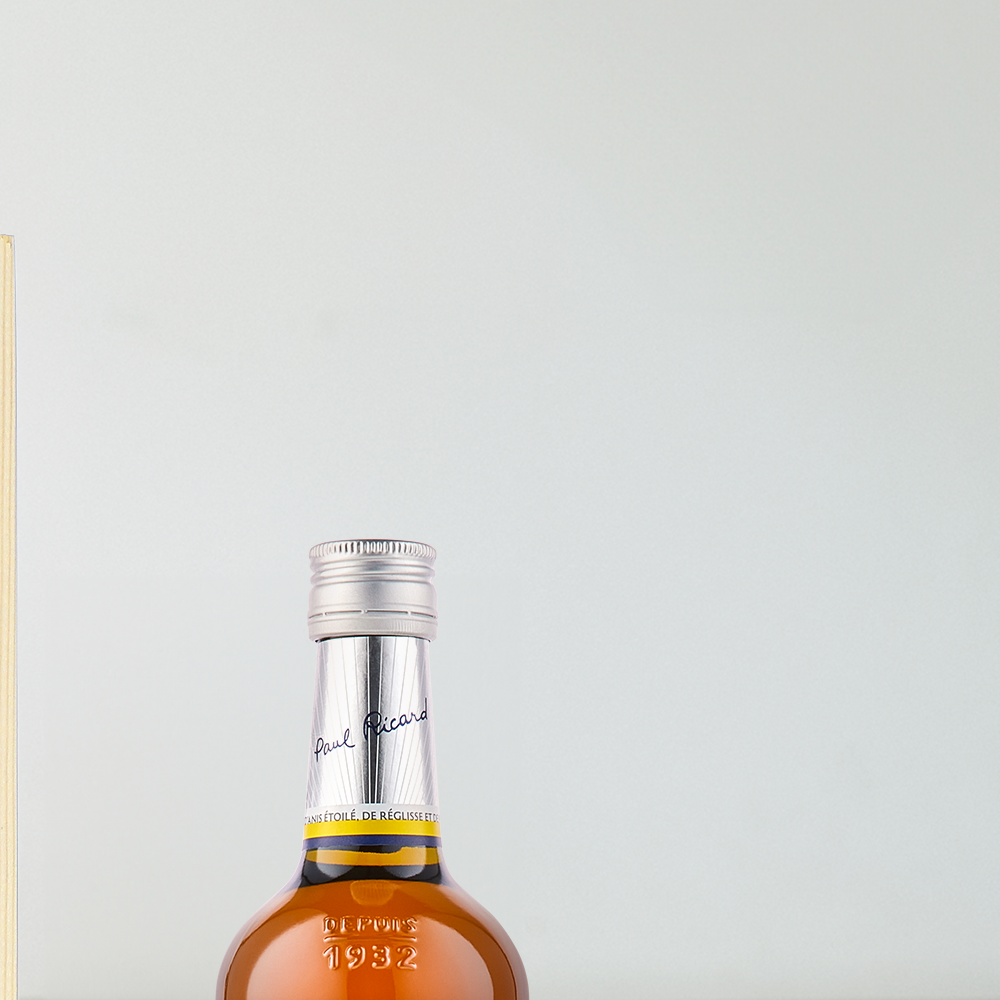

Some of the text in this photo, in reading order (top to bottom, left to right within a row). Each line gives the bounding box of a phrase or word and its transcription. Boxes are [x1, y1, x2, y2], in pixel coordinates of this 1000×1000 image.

[314, 697, 428, 762] Paul Ricard
[323, 809, 360, 822] ÉTOILÉ,
[362, 811, 377, 821] DE
[379, 808, 424, 822] RÉGLISSE
[424, 812, 432, 822] ET
[322, 914, 418, 933] DEPUIS
[321, 944, 418, 970] 1932
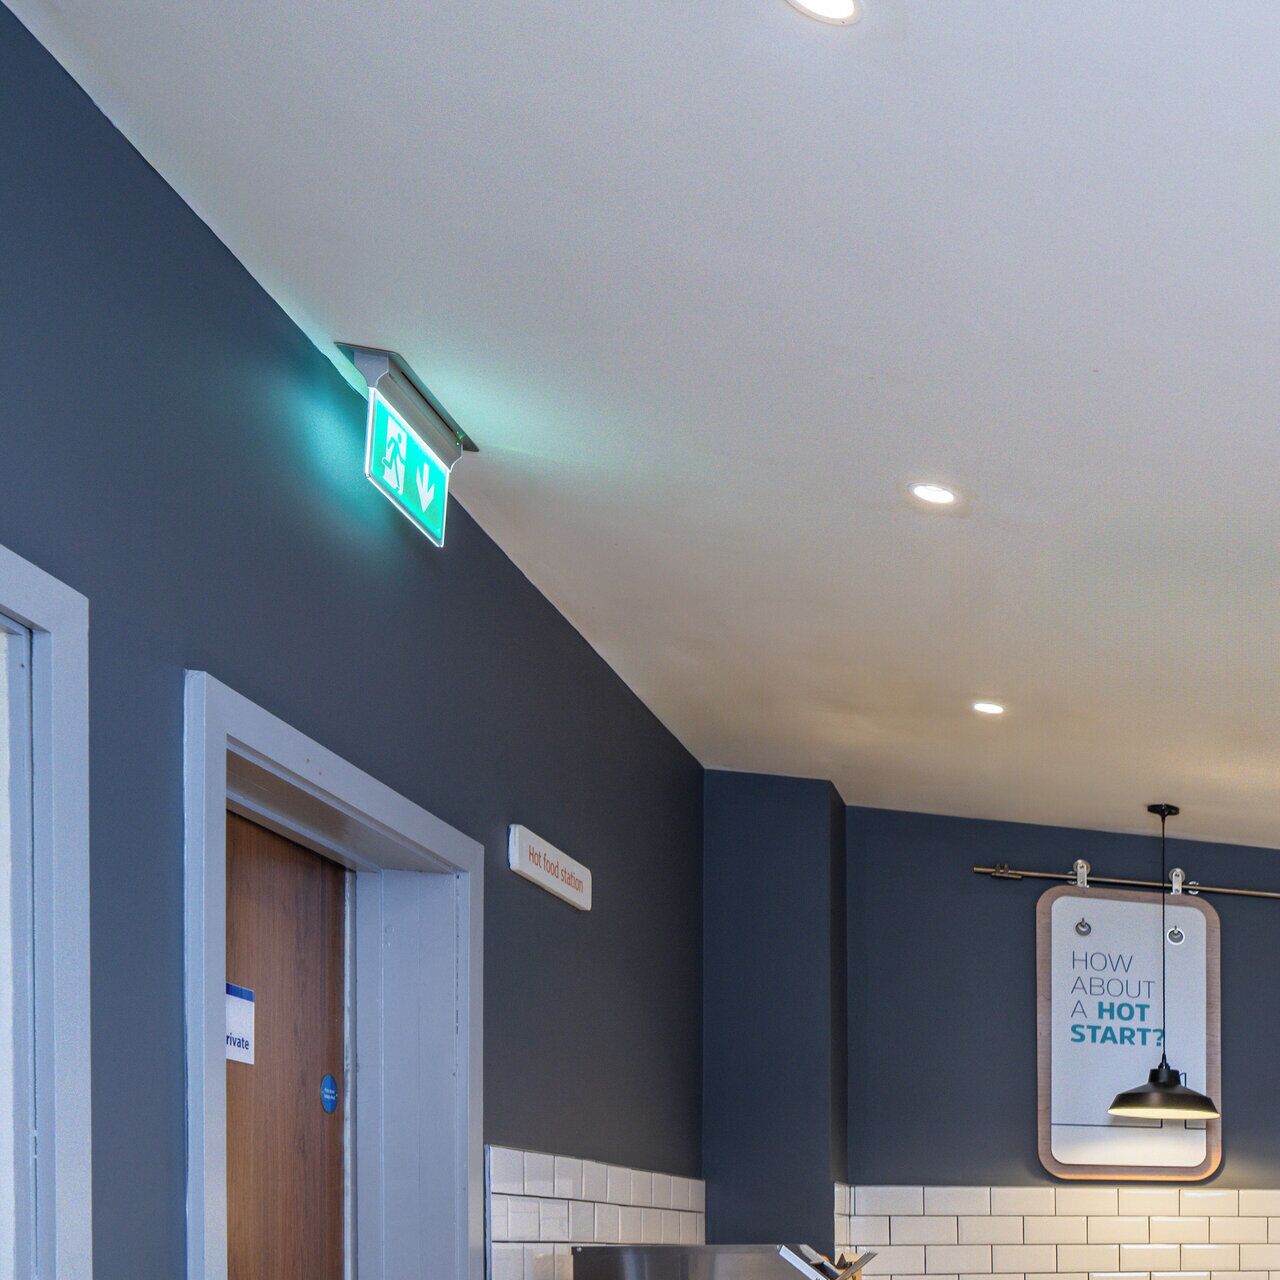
_ _ _ _ _
I'd like the entries above repeated exactly, but without any of their pictures.

**Problem solution**
Some of the text in this photo, in reading order (top to bottom, left to right within a row). Each line gives the bounding box of a phrase or word and its transcription. Boxes are [x1, y1, x2, y2], in pixel coordinates of this 1000×1000 image.

[314, 697, 428, 762] Paul Ricard
[323, 809, 360, 822] ÉTOILÉ,
[362, 811, 377, 821] DE
[379, 808, 424, 822] RÉGLISSE
[424, 812, 432, 822] ET
[322, 914, 418, 933] DEPUIS
[321, 944, 418, 970] 1932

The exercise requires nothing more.